Free Film School #127: Everyone Loves Sports Movies

おはよう、クラス。Welcome back to CraveOnline‘s Free Film School, the bestest school there ever was. Why is it the bestest? Because I’ll give you a passing grade, even if you attend sporadically, eat in class, only peruse my lectures with a mild interest, and don’t do any of the homework. Although you might benefit from doing the homework assignments.

This week, we’re going to be doing another brief genre study (in the past we’ve discussed genres as wide-ranging as zombie movies to film noir), tackling (perhaps literally) the phenomenon of sports on film.

Sports movies have been a staple of cinema for as long as there has been cinema. As far back as the days of silent film, sporting events have often served as dramatic cruxes for all kinds of stories. It’s no wonder why: Sports are inherently dramatic. Two teams or several athletes gather to compete, to best one another in a competition of mental skill and physical prowess. It doesn’t really matter what the sport is – from football to soccer to baseball to track to golf to curling to sumo wrestling to rollerball – it’s going to be tense and exciting to watch people spar.

Screenwriting teachers will often hammer away at the word “conflict,” insisting that every screenplay have some sort of challenge for the protagonist(s). Usually said cinematic conflict manifests as an emotional hurdle or an inevitable social confrontation, but sometimes that conflict is as simple as two guys who wanna fight. And what better way to manufacture a conflict than by putting the protagonist in a sporting event of some kind? It’s the simplest and most direct form of drama imaginable. Why invent a reason for two people to fight in the streets, when you can just make them both athletes and have them fight on a field/boxing ring/baseball diamond/Real Steel match?

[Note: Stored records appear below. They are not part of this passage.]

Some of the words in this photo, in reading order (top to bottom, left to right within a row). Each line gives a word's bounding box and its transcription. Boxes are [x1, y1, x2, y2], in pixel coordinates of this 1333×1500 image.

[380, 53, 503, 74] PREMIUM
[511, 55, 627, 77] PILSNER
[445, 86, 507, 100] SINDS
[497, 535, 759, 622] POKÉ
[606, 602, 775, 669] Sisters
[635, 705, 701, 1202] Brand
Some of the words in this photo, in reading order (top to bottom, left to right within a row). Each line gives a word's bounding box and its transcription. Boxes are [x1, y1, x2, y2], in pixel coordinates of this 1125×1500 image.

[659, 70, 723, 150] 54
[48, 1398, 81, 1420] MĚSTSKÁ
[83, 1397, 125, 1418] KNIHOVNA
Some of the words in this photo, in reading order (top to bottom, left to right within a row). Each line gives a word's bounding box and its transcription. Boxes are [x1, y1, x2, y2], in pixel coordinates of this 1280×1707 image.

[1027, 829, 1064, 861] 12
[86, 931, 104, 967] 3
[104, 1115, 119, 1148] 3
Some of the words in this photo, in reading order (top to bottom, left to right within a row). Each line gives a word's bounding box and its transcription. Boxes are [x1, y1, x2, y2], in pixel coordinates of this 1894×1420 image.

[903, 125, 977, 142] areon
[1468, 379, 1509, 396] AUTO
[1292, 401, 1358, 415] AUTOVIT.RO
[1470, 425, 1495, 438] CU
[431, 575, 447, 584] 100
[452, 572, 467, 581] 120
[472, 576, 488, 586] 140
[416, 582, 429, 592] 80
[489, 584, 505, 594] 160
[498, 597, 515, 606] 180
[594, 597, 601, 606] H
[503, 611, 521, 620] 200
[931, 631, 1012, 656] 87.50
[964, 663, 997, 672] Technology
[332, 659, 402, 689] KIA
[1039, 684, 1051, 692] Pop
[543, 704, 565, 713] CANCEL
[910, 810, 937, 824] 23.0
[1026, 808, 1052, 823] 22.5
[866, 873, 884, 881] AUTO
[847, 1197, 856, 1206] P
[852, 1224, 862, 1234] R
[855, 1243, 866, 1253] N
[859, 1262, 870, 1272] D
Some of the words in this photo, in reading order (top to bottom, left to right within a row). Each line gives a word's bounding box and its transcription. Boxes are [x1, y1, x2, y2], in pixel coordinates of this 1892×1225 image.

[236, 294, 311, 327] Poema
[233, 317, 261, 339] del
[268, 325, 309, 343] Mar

Here’s the curious thing about sports movies: They are still alluring, even though they are rarely clever or complex. Whether they’re based on real-life sporting events, or entirely fictional, sports movies always tend to stick very, very closely to a long tradition of broad dramatic archetypes. The protagonist is either an eager newbie, just learning his/her craft for the first time (think of Lucas), or a washed-up has-been/never-was who has to rise above and prove himself/herself to the world (think of Rocky Balboa). Sometimes it’s a ragtag bunch of misfits who has never been good, but who will find salvation at the hands of not bickering (The Bad News Bears, The Mighty Ducks, etc. etc. etc.). Their opponent is either a string of increasingly powerful athletes (think of Million Dollar Baby), or a single vaguely evil opponent (think of the Cobra Kai from The Karate Kid).

We know the types so well, and we’ve seen the story a hundred times. And it all, of course, boils down to what screenwriters call The Big Fight. The Big Fight doesn’t necessarily have to be a literal fight, but it’s shorthand for pinning all the film’s dramatic catharses on a final, late-in-the-film sporting event, where the protagonist gets to show his/her mettle, and all the drama will be resolved.

Big Fights, to reiterate, are simple yet satisfying. Are they lazy screenwriting? Perhaps. Do they work? Yes. If a sporting event is filmed dramatically enough, you actually become involved in the game. I know many film critics who actively eschew the world of organized sporting events (we’re all snotty, nerdy “feelm” guys, after all), but who will still shed a tear for Rudy, for Lucas, for Rocky, for The Babe, for just about every single ghost in Field of Dreams.